Les protocoles utilisés pour les flux multimédias varient quant à eux largement en fonction de la situation. L’audio et la vidéo sont habituellement transportés à l’aide du protocole RTP, cependant le choix du protocole au niveau de la couche transport du modèle OSI varie. En effet, on préfère l’utilisation du protocole UDP pour transporter la vidéo en temps réel afin de ne pas introduire de latence et l’utilisation du protocole TCP lors du visionnement de la vidéo en différé lorsque l’intégrité du contenu prime. L’utilisation du multicast dans les réseaux IP est répandue lorsque que la caméra et la partie cliente du VMS sont sur le même réseau local : le flux vidéo peut ainsi être acheminé directement de la caméra à l’un ou plusieurs clients sans être retransmis par la partie serveur du VMS.

Les composants d'un VMS sont habituellement distribués sur plusieurs machines différentes et reliés entre eux par un réseau IP passant parfois au travers d'Internet. Les composantes internes d'un VMS utilisent typiquement une combinaison de protocoles propriétaires et de protocoles standards.

5. L’aspect cybersécurité

Étonnement, l’aspect cybersécurité de l’industrie de la sécurité physique est un peu à la traîne par rapport à certaines autres industries. Pendant plusieurs années, les manufacturiers ont présumé que leurs produits étaient utilisés dans des réseaux IP fermés et donc peu d’efforts ont été investis pour les rendre résilients contre des acteurs malveillants. Aujourd’hui, cette présomption n’est plus applicable. Une ville intelligente voudra par exemple installer ses caméras dans des endroits publics et les relier par Wifi à son VMS. Certains manufacturiers de VMS offrent aussi des produits où les caméras sont directement reliées à un cloud et où les vidéos sont consultables en ligne.

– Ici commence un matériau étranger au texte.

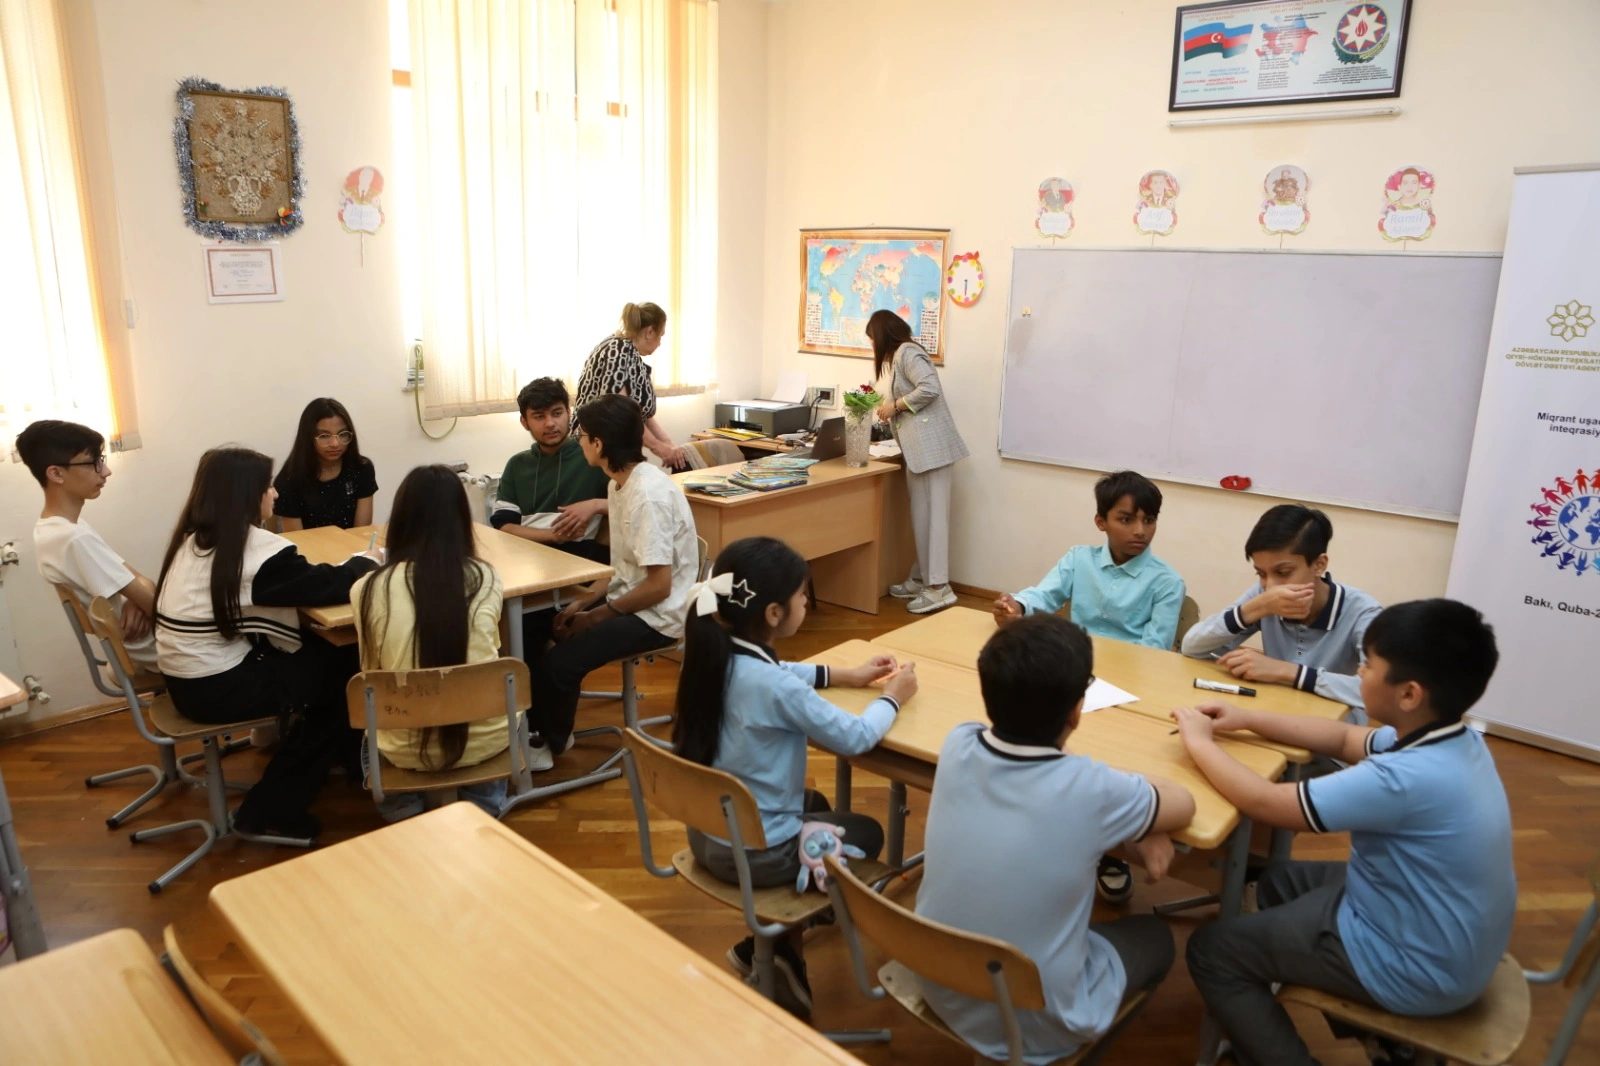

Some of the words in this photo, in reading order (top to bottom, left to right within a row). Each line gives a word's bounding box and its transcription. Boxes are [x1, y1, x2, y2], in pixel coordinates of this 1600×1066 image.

[1390, 212, 1424, 223] Ramil
[1511, 347, 1560, 355] AZƏRBAYCAN
[1515, 360, 1544, 369] DÖVLƏT
[1537, 412, 1576, 424] Miqrant
[1524, 595, 1553, 610] Bakı,

En ce sens, l’année 2016 tira certainement la sonnette d'alarme sur les lacunes en cybersécurité de certaines caméras suite à l’attaque très médiatisée du botnet Mirai. En asservissant une armée de caméras IP dont les mots de passe par défaut n’avaient pas été changés ; ce dernier déclencha, contre le site web du journaliste américain Brian Krebs [5], la plus grosse attaque par déni de service jamais observée à cette époque.

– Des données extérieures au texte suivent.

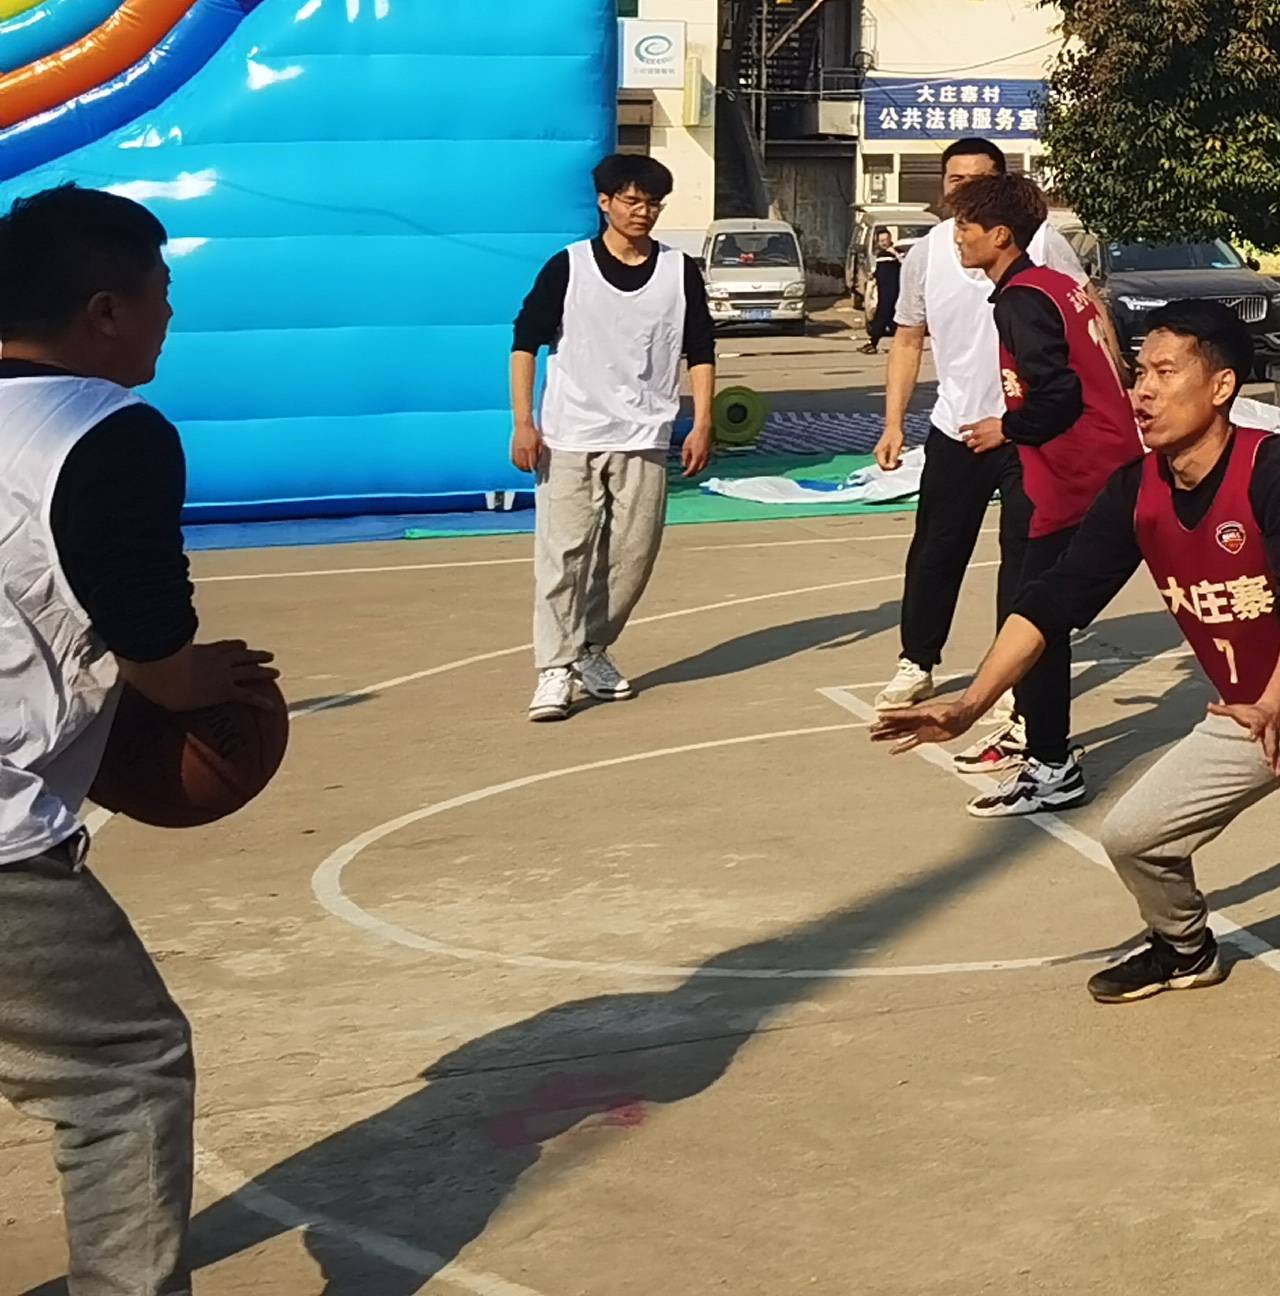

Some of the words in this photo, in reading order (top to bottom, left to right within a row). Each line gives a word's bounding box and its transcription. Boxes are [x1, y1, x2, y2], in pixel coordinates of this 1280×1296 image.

Pour expliquer la situation, il importe ici de faire la distinction entre les produits de vidéosurveillance grand public et ceux destinés aux professionnels. À notre sens, la source principale de l’insécurité des produits grands publics vient du fait que le marché est très compétitif et que les fabricants cherchent à dépasser les autres constructeurs sur les fonctionnalités, la vitesse de mise en marché et le prix de leurs produits. La cybersécurité s’en trouve amoindrie, car elle est plutôt contraire à ces objectifs. Respectivement : l’ajout de fonctionnalités augmente la surface d’attaque d’un produit, la réduction des risques liés à la cybersécurité nécessite l’ajout d’activités de validation à chacune des étapes du cycle de développement s’opposant ainsi à une augmentation de la vitesse de mise en marché. L’ajout de ces activités de sécurité tire vers le haut le coût de développement des produits faisant ainsi pression sur la marge de profit et ultimement le prix du produit. À cela vient s’ajouter la difficulté de mettre à jour un firmware d’un produit peu dispendieux utilisé chez un client et l’indifférence de ces derniers quant au fait que leur équipement peut être utilisé avec des dizaines voire des centaines de milliers d'autres pour attaquer un site web.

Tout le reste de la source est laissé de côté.